Problem description :: From the first line to the last, please reproduce the material exactly, skipping the pictures.

——

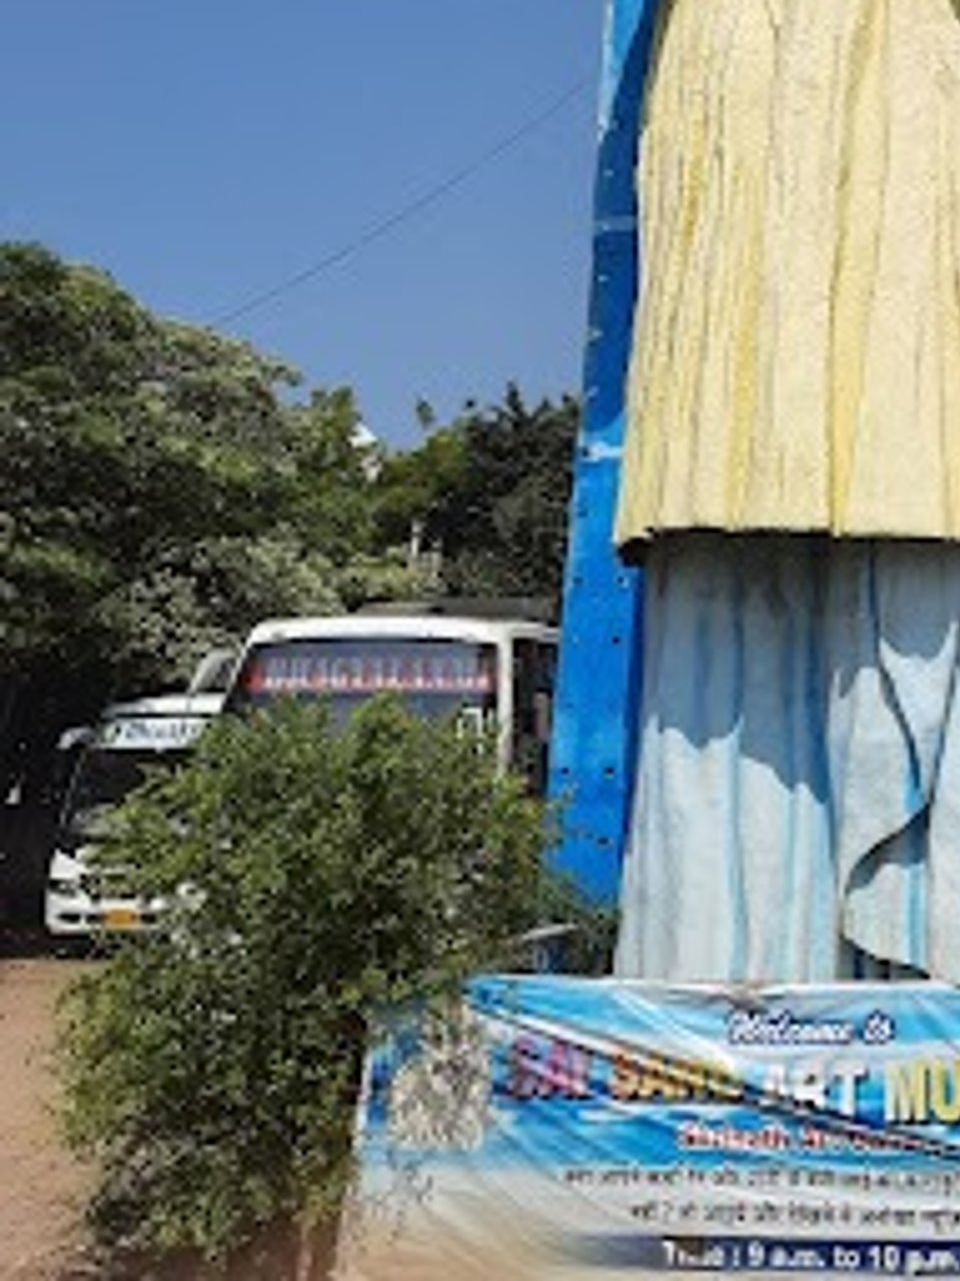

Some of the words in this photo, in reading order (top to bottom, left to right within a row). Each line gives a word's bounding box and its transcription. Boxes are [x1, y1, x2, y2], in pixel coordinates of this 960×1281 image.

[748, 1241, 764, 1267] 9
[833, 1245, 860, 1267] to
[868, 1245, 898, 1268] 10
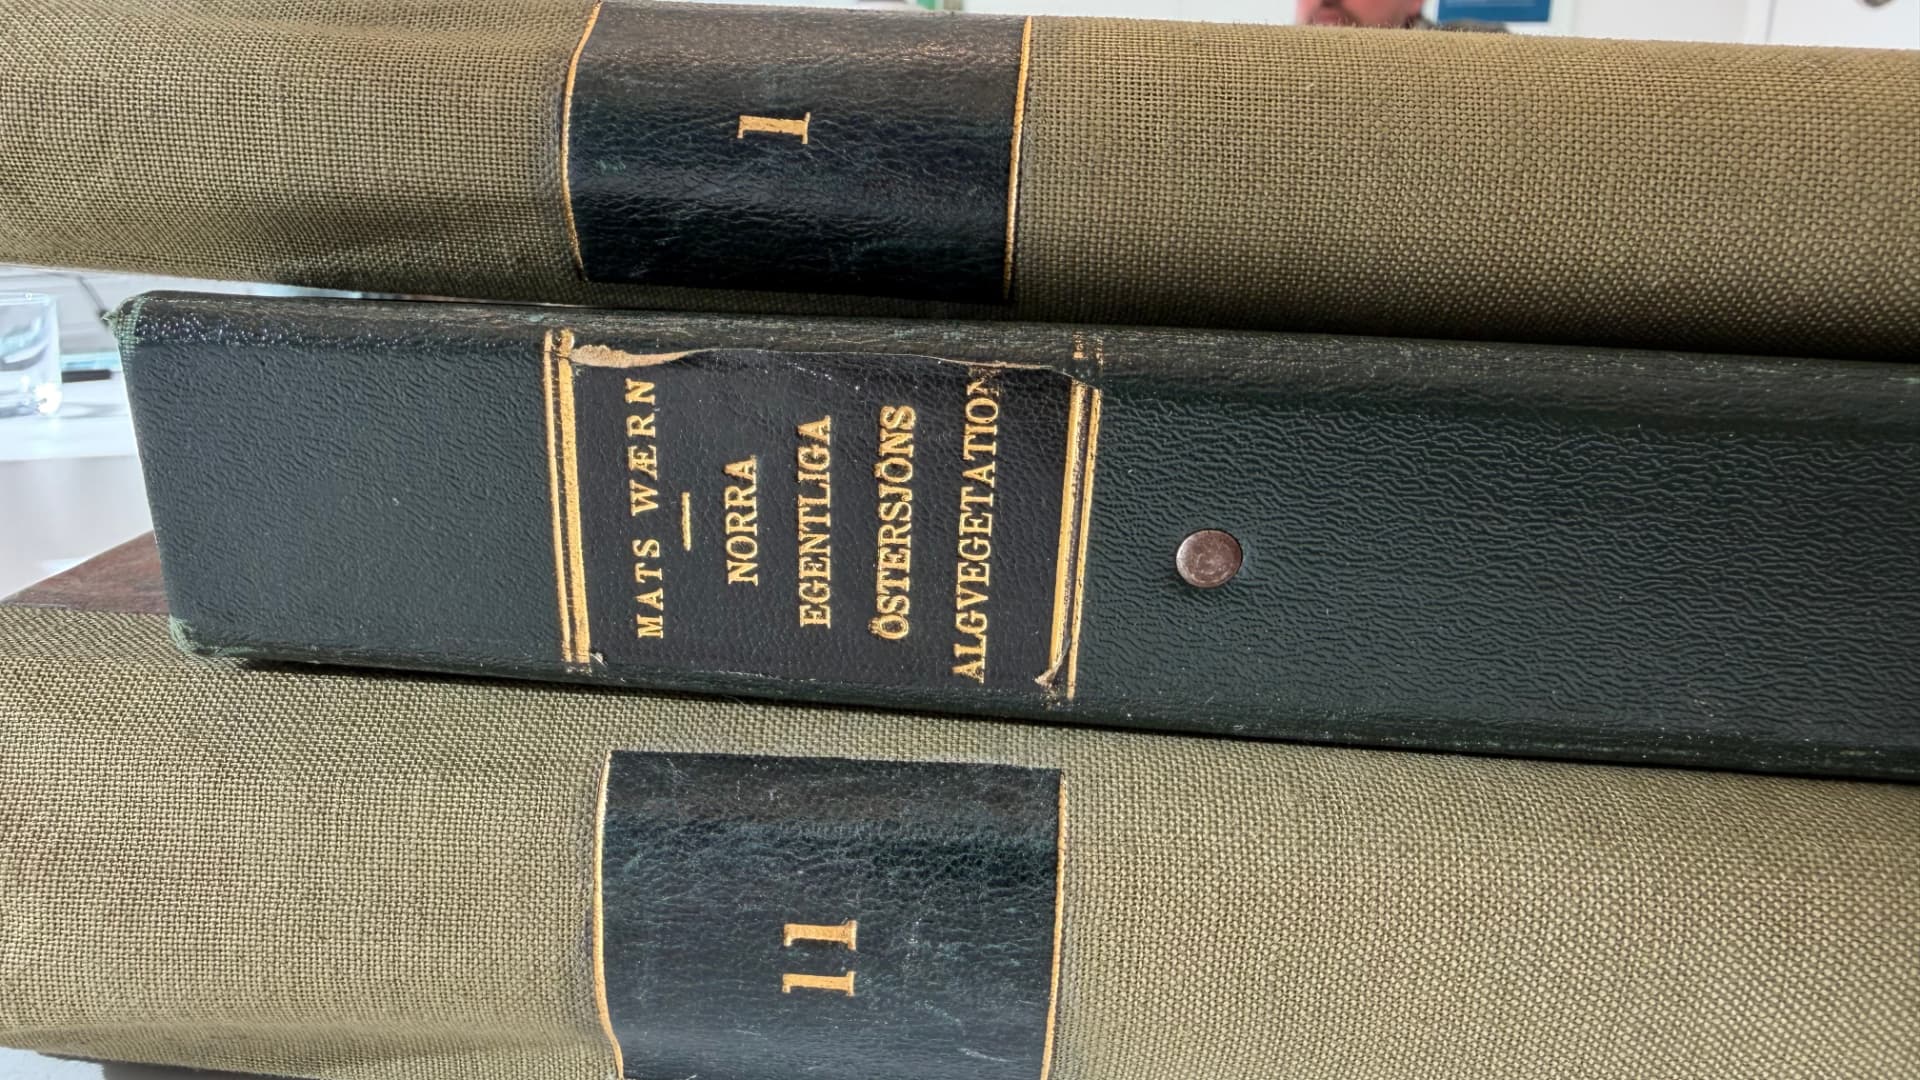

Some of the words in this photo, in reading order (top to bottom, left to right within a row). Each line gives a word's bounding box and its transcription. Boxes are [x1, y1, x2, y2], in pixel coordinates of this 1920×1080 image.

[737, 111, 811, 145] 1
[625, 378, 658, 516] WÆRN
[724, 455, 759, 586] NORRA
[797, 415, 833, 628] EGENTLIGA
[869, 405, 918, 641] ÖSTERSJÖNS
[952, 372, 1001, 684] ALGVEGETATION
[631, 538, 665, 640] MATS
[782, 919, 858, 998] 11
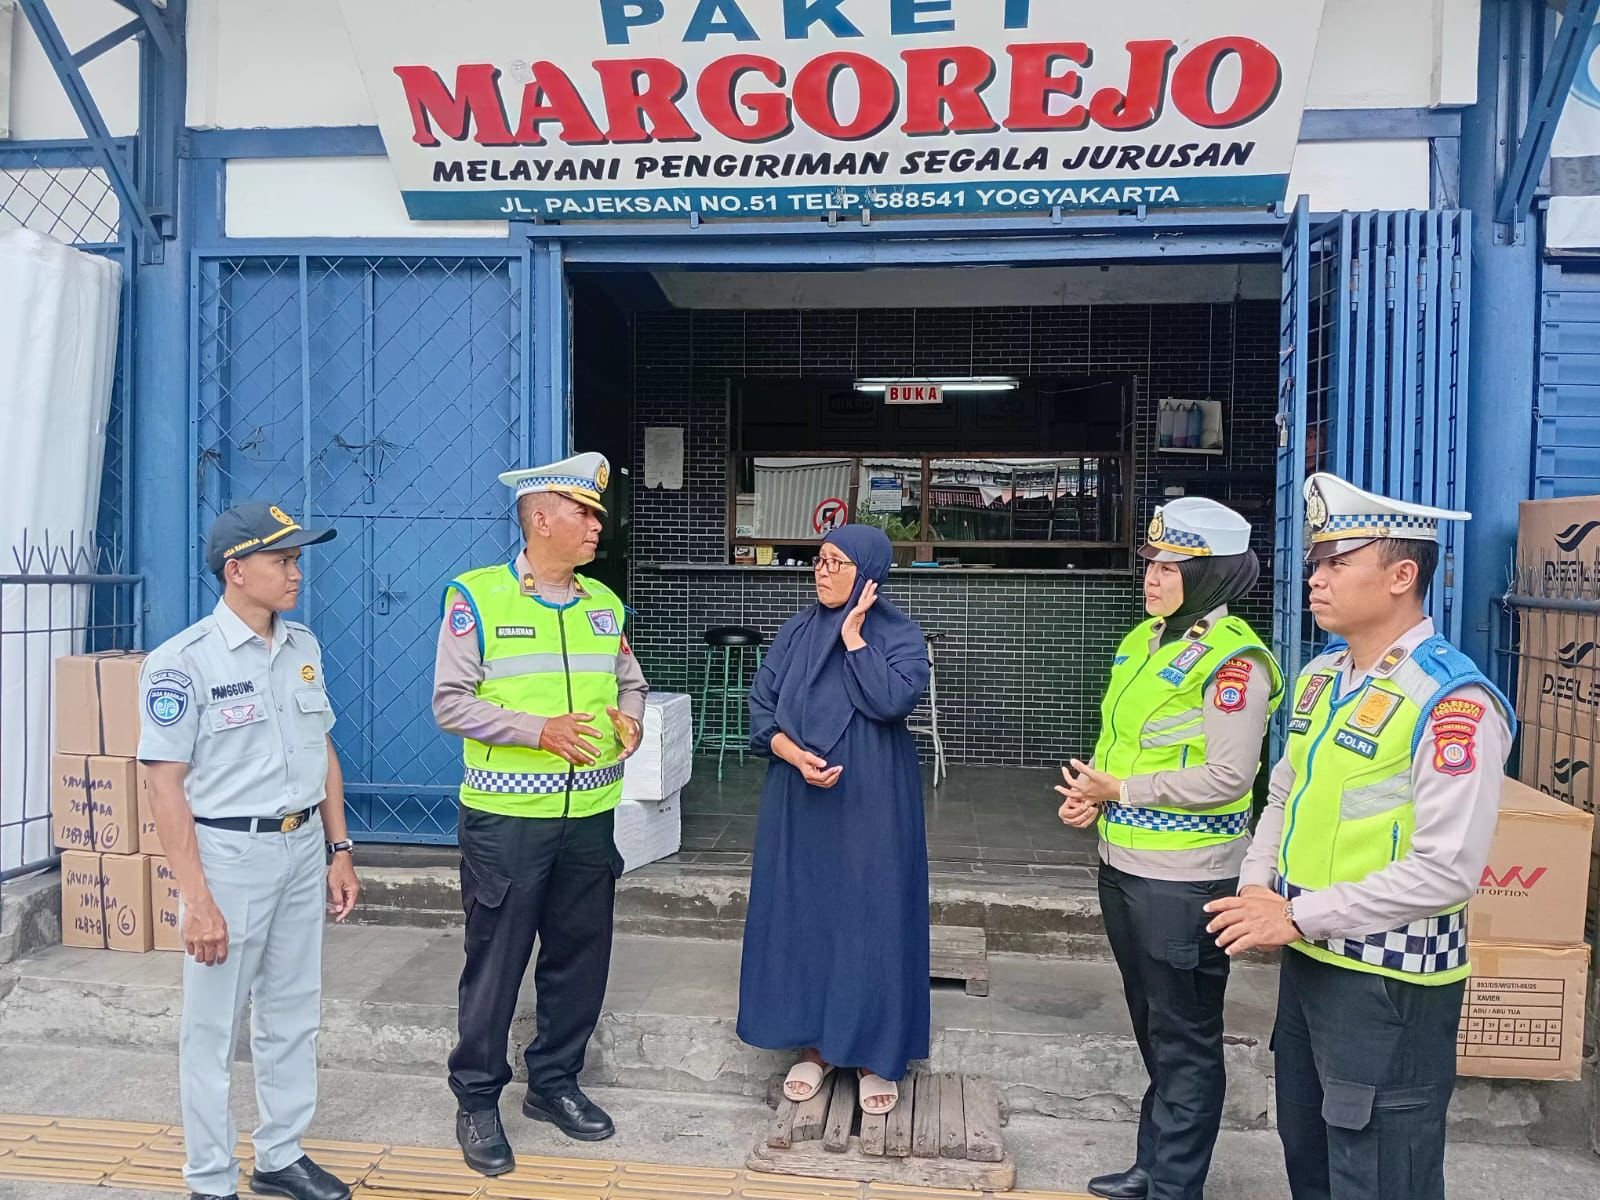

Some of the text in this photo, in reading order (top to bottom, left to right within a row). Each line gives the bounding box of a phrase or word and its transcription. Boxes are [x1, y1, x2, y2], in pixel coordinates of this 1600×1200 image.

[393, 36, 1282, 147] MARGOREJO
[432, 141, 1256, 183] MELAYANI PENGIRIMAN SEGALA JURUSAN
[500, 186, 1180, 214] JL. PAJEKSAN NO.51 TELP. 588541 YOGYAKARTA
[889, 386, 937, 400] BUKA
[211, 680, 255, 700] PANGGUNG
[1336, 731, 1373, 754] POLRI
[1488, 889, 1529, 897] OPTION

——

Solution to this task ::
Some of the words in this photo, in reading order (top to bottom, left to right within a row). Each line gives a word's bounding box and its transcription. Boxes are [x1, y1, x2, y2], in pixel coordinates of this 960×1281 image.

[748, 1241, 764, 1267] 9
[833, 1245, 860, 1267] to
[868, 1245, 898, 1268] 10

Some of the words in this photo, in reading order (top to bottom, left to right within a row). Each line gives a word's bounding box and its transcription. Boxes are [x1, y1, x2, y2], in pixel coordinates of this 1920×1080 image.

[737, 111, 811, 145] 1
[625, 378, 658, 516] WÆRN
[724, 455, 759, 586] NORRA
[797, 415, 833, 628] EGENTLIGA
[869, 405, 918, 641] ÖSTERSJÖNS
[952, 372, 1001, 684] ALGVEGETATION
[631, 538, 665, 640] MATS
[782, 919, 858, 998] 11

Some of the text in this photo, in reading order (top to bottom, left to right within a row). Each line gives the bounding box of a phrase or word and its transcription. Boxes are [x1, y1, x2, y2], in pixel coordinates of this 1600×1200 image.

[393, 36, 1282, 147] MARGOREJO
[432, 141, 1256, 183] MELAYANI PENGIRIMAN SEGALA JURUSAN
[500, 186, 1180, 214] JL. PAJEKSAN NO.51 TELP. 588541 YOGYAKARTA
[889, 386, 937, 400] BUKA
[211, 680, 255, 700] PANGGUNG
[1336, 731, 1373, 754] POLRI
[1488, 889, 1529, 897] OPTION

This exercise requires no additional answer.